Downtown DC Submarkets Q4 2018

Downtown DC Submarket Cluster

Central Business District (CBD) Submarket Overview

Employment in the CBD is diverse, spanning many sectors from law, to tech, to government. The legal services sector comprises a substantial portion of the submarket’s office demand, and those tenants are occupying less square footage per employee than in previous cycles but remain important anchor tenants that drive new construction. Professional and business services, healthcare, information, and government tenants have a presence as well. And like law firms, those organizations are generally opting to occupy higher-quality space, which is often used as a recruiting tool. Many of D.C.’s marquee employers, including the International Monetary Fund, the World Bank, the National Education Association, the Federal Reserve System, the U.S. Chamber of Commerce, and the U.S. Department of the Treasury, have set up shop here and are unlikely to leave in the near-term, creating a stable base of demand.

Renovations, along with new construction, have been a major factor in the increase of 4 & 5 Star supply in the submarket. Premium real estate in a central location comes at a price, though, and the CBD boasts some of the highest rents in the metro. The combination of high rents and increased competition from submarkets like Capitol Riverfront and NoMa has caused a slowdown in rent growth over the past few years. Still, this submarket is an investor favorite—volume in 2017 reached a cyclical high just below 2007 levels, the previous cycle’s peak. Sales have slowed this year, though, with volume just below $570 million as of early October.

 East End Submarket Overview

Vacancies in the East End were roughly in line with the metro average as of late October, though several projects that are anticipated to deliver late this year and early next year could cause rates to spike. Tenant downsizings weighed on demand growth for several years, with net absorption negative in 2015 and negligible from 2016–17, although rates have rebounded this year. Construction activity is ramping up, regardless, with nearly 1.3 million SF delivered as of early 18Q4 and another 1.2 million SF under construction.

D.C. tenants willing to pay higher rents, such as corporate law firms, prefer newer, more efficient space in the East End. Healthy preleasing of new deliveries highlights the flight to quality. Of the 10 properties delivered from 2014–17, eight are at least 90% occupied. The flight-to-quality trend explains why some of East End’s older, 3 Star inventory—which exceeds 8.5 million SF—is being renovated into 5 Star office space. Although buildings offering the newest, most amenitized space are landing big tenants, recent deals include generous tenant improvement packages and prolonged periods of free rent, suggesting that tenants have meaningful leverage. Sales have been relatively stable recently, hovering at just over $1 billion per year.

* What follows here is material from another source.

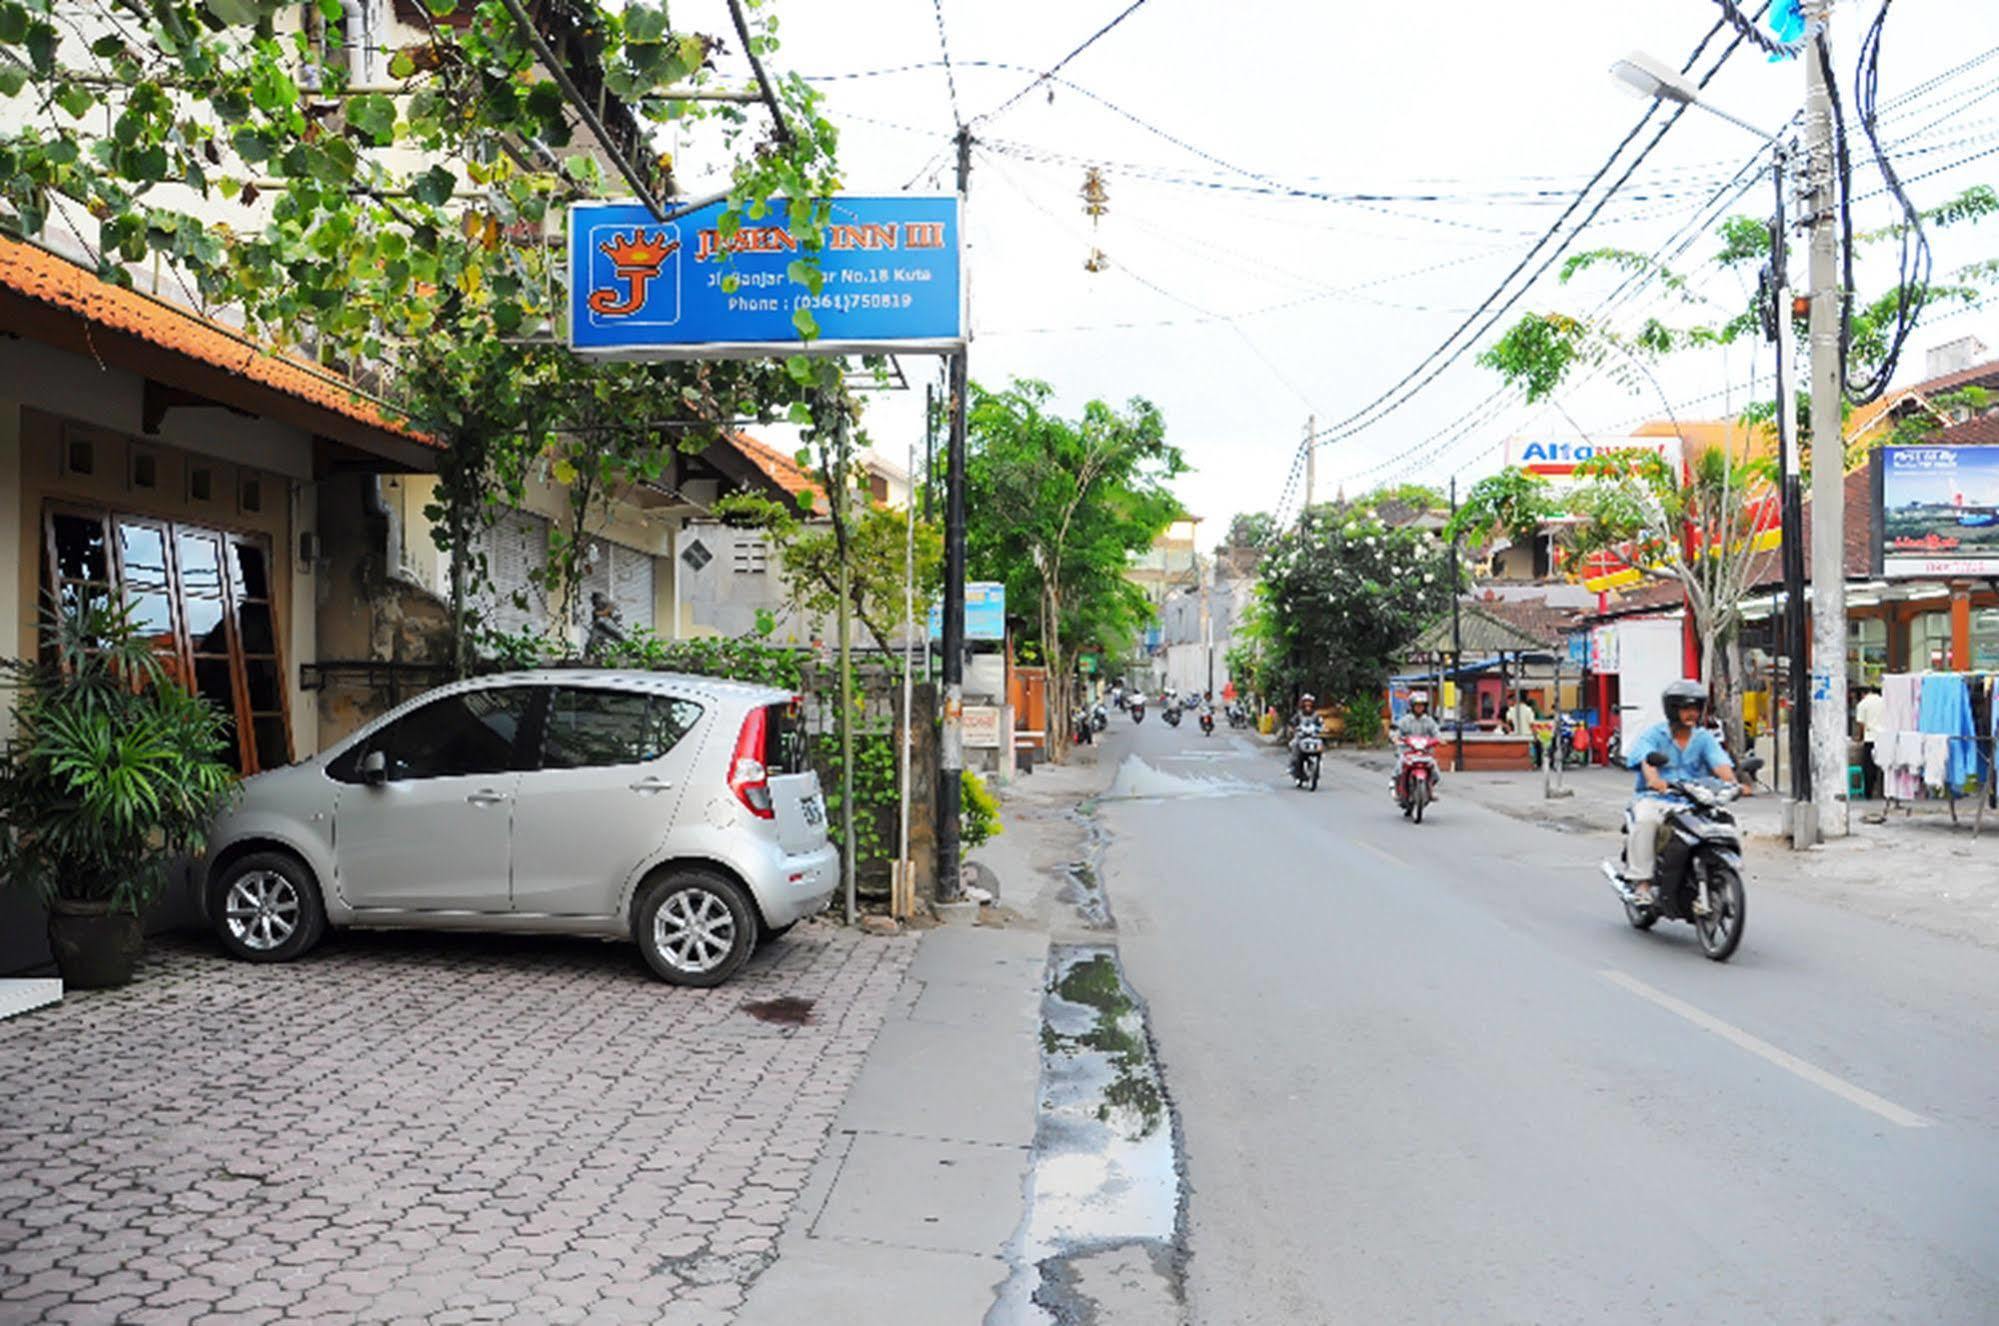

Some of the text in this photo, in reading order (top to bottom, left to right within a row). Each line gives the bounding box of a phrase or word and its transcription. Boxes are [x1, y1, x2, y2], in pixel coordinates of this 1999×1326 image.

West End Submarket Overview

Like in the other core submarkets in the D.C. metro, a solid base of anchor tenants and a supply-constrained nature have helped keep vacancies here below the metro average, despite slow leasing velocity. However, several impending move-outs could cause vacancy to jump in the near future. This is a big-footprint submarket, and about 40% of tenants occupy 10,000 SF or more, but many users own the space they occupy. Although firms like Hunton & Williams (191,000 SF) and Vinson & Elkins (81,200 SF) are important tenants, this submarket is less dependent on law firms than the East End or the CBD. Given the relative dearth of such firms and their importance as anchors in new construction, it is no surprise that development has been depressed, despite tight vacancy. At over $51/SF, average asking rents in the West End are comparable to the CBD’s but slightly less than the East End’s. The West End has fewer prestigious tenants than the East End or the CBD, and it also has a smaller inventory and grapples with a higher proportion of owner-occupied inventory. This generally makes sales rarer and depresses volume to far lower levels than its primary competitors.